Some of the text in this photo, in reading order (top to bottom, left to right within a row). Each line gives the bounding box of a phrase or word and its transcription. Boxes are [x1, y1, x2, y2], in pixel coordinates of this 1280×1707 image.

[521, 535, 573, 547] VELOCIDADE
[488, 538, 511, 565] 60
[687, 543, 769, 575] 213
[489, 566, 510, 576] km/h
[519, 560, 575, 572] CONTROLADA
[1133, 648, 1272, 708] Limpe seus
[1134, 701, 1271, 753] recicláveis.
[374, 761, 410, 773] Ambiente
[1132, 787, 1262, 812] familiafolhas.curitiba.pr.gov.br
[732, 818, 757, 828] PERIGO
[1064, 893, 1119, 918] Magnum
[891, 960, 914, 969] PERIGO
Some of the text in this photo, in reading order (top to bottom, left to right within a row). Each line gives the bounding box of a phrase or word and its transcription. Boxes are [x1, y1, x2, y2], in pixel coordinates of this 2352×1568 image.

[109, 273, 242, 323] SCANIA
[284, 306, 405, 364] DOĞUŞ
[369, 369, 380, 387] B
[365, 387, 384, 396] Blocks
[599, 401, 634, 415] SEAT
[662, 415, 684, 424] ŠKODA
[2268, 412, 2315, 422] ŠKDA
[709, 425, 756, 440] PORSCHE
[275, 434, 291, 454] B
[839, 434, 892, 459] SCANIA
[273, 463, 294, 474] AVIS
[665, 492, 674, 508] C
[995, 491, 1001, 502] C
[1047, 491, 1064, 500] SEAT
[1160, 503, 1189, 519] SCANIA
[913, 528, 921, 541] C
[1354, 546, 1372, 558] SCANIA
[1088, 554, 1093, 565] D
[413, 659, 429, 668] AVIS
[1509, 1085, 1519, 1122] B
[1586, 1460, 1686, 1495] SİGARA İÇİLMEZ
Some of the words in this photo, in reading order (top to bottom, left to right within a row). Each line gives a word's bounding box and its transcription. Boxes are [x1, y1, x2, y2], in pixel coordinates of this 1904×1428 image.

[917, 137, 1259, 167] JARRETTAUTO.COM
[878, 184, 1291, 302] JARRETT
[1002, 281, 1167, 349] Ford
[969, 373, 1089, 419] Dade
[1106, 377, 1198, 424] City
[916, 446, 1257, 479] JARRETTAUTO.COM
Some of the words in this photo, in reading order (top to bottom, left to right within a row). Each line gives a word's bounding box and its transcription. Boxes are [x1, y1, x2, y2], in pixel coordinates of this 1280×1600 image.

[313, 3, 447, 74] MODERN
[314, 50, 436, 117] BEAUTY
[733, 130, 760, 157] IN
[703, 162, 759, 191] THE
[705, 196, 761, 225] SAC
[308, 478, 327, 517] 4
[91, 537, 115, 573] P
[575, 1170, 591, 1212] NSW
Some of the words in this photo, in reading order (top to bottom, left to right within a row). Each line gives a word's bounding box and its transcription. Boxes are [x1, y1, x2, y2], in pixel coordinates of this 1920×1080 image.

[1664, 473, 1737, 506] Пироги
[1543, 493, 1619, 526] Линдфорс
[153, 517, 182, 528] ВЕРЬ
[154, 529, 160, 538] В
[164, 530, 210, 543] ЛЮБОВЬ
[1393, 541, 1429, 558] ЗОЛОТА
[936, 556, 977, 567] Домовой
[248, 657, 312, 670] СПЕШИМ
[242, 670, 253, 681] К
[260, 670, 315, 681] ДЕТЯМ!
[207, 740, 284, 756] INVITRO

# PROBLEM DESCRIPTION:
Repeat every record above exactly as it appears.

# THE ANSWER:
Some of the text in this photo, in reading order (top to bottom, left to right within a row). Each line gives the bounding box of a phrase or word and its transcription. Boxes are [x1, y1, x2, y2], in pixel coordinates of this 1280×1707 image.

[521, 535, 573, 547] VELOCIDADE
[488, 538, 511, 565] 60
[687, 543, 769, 575] 213
[489, 566, 510, 576] km/h
[519, 560, 575, 572] CONTROLADA
[1133, 648, 1272, 708] Limpe seus
[1134, 701, 1271, 753] recicláveis.
[374, 761, 410, 773] Ambiente
[1132, 787, 1262, 812] familiafolhas.curitiba.pr.gov.br
[732, 818, 757, 828] PERIGO
[1064, 893, 1119, 918] Magnum
[891, 960, 914, 969] PERIGO
Some of the text in this photo, in reading order (top to bottom, left to right within a row). Each line gives the bounding box of a phrase or word and its transcription. Boxes are [x1, y1, x2, y2], in pixel coordinates of this 2352×1568 image.

[109, 273, 242, 323] SCANIA
[284, 306, 405, 364] DOĞUŞ
[369, 369, 380, 387] B
[365, 387, 384, 396] Blocks
[599, 401, 634, 415] SEAT
[662, 415, 684, 424] ŠKODA
[2268, 412, 2315, 422] ŠKDA
[709, 425, 756, 440] PORSCHE
[275, 434, 291, 454] B
[839, 434, 892, 459] SCANIA
[273, 463, 294, 474] AVIS
[665, 492, 674, 508] C
[995, 491, 1001, 502] C
[1047, 491, 1064, 500] SEAT
[1160, 503, 1189, 519] SCANIA
[913, 528, 921, 541] C
[1354, 546, 1372, 558] SCANIA
[1088, 554, 1093, 565] D
[413, 659, 429, 668] AVIS
[1509, 1085, 1519, 1122] B
[1586, 1460, 1686, 1495] SİGARA İÇİLMEZ
Some of the words in this photo, in reading order (top to bottom, left to right within a row). Each line gives a word's bounding box and its transcription. Boxes are [x1, y1, x2, y2], in pixel coordinates of this 1904×1428 image.

[917, 137, 1259, 167] JARRETTAUTO.COM
[878, 184, 1291, 302] JARRETT
[1002, 281, 1167, 349] Ford
[969, 373, 1089, 419] Dade
[1106, 377, 1198, 424] City
[916, 446, 1257, 479] JARRETTAUTO.COM
Some of the words in this photo, in reading order (top to bottom, left to right within a row). Each line gives a word's bounding box and its transcription. Boxes are [x1, y1, x2, y2], in pixel coordinates of this 1280×1600 image.

[313, 3, 447, 74] MODERN
[314, 50, 436, 117] BEAUTY
[733, 130, 760, 157] IN
[703, 162, 759, 191] THE
[705, 196, 761, 225] SAC
[308, 478, 327, 517] 4
[91, 537, 115, 573] P
[575, 1170, 591, 1212] NSW
Some of the words in this photo, in reading order (top to bottom, left to right within a row). Each line gives a word's bounding box and its transcription. Boxes are [x1, y1, x2, y2], in pixel coordinates of this 1920×1080 image.

[1664, 473, 1737, 506] Пироги
[1543, 493, 1619, 526] Линдфорс
[153, 517, 182, 528] ВЕРЬ
[154, 529, 160, 538] В
[164, 530, 210, 543] ЛЮБОВЬ
[1393, 541, 1429, 558] ЗОЛОТА
[936, 556, 977, 567] Домовой
[248, 657, 312, 670] СПЕШИМ
[242, 670, 253, 681] К
[260, 670, 315, 681] ДЕТЯМ!
[207, 740, 284, 756] INVITRO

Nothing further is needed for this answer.